If from the Outlook Tower he dreams of an idealised Edinburgh he has only to reply to the scoffer who asks, “What have you done?” “Circumspice!” There stand the settlements he initiated, the houses beautiful, bright, delectable; and the tower itself is an embodiment of his ideas, an encyclopaedia in stone and in storeys.

We must, in criticising this paper, take into account these attempts towards realisation of its principles.  The sociological evolutionist is “concerned primarily with origins, but ultimately and supremely with ideals,” we were reminded in a recent paper read before this Society.  And in the same paper it was affirmed that, “through the formulation of its larger generalisations as ideals, sociology may hope to achieve the necessary return from theory to practice.”  Thus, if Civics is applied Sociology, we must rest its claims on these criteria.  What, then, we have to ask is:—­(1) What actually are the generalisations of the present paper? (2) How far they are warranted by verifiable sociological testimony, and (3) What results do they yield when transformed by the touch of emotion into ideals of action?  To attempt an adequate answer to these questions would perhaps transcend the limits of this discussion.  But merely to raise these questions of presupposition should tend to clarify the discussion.  Coming to detail, I may say, as one whose occupation is demographic, I regret the unavoidable briefness of the reference in “Civics” to a “rationalised census of the present condition of the people.”

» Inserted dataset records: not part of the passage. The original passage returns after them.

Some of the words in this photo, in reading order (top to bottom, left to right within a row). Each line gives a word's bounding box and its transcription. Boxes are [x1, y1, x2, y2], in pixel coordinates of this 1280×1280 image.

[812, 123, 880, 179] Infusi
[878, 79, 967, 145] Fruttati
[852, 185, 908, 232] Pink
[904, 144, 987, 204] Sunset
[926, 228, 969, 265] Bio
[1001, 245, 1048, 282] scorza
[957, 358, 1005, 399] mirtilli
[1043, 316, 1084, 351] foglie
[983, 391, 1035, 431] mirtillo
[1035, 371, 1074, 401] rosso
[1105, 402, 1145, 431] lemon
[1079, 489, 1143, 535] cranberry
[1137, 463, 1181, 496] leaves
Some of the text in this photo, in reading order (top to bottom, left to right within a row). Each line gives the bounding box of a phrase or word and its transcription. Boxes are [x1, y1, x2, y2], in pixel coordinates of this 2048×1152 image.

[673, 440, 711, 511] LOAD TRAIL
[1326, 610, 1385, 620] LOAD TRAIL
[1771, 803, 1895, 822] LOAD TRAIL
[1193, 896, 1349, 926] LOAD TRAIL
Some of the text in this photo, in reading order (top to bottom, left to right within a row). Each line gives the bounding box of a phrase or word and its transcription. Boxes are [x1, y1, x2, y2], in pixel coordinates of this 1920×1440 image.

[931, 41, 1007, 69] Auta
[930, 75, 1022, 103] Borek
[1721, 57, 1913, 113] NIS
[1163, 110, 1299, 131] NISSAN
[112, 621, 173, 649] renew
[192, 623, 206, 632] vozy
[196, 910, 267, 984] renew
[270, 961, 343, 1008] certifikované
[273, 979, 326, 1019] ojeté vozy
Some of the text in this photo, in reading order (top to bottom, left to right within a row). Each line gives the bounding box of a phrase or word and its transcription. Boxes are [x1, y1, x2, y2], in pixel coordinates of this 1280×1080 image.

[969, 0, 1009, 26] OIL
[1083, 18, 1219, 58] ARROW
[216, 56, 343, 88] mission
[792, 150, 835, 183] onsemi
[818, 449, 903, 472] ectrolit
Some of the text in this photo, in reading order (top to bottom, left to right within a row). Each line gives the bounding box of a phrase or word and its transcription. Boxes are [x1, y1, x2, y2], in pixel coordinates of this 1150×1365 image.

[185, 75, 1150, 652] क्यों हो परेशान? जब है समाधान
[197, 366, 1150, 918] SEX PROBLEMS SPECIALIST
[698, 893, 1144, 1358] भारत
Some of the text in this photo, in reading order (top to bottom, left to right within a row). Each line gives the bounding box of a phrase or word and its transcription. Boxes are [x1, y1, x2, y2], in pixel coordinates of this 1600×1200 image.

[Page:  135] No one, however, who has studied the concluding portion of “The Evolution of Sex” can accuse Prof.  Geddes of ignoring questions of population; and his eulogium, written ten years ago, of “Mr. Charles Booth as one of our own latest and best Economists,” is familiar to all readers of “Education for Economics and Citizenship.”  In that extremely suggestive treatise, Prof.  Geddes further points out that population must have a primary place in consideration, and that “our studies of the characteristic occupation of region by region are the essential material of a study of its whole civilisation.”

Accepting Mr. Branford’s definition of occupation as “any and every form of human endeavour, past, present, and future,” we see that occupation must have a large place in the description, explanation, and forecasting of the evolution of cities—­such as Edinburgh, Glasgow, Dundee—­in the scheme of survey outlined so sweepingly in “Civics.”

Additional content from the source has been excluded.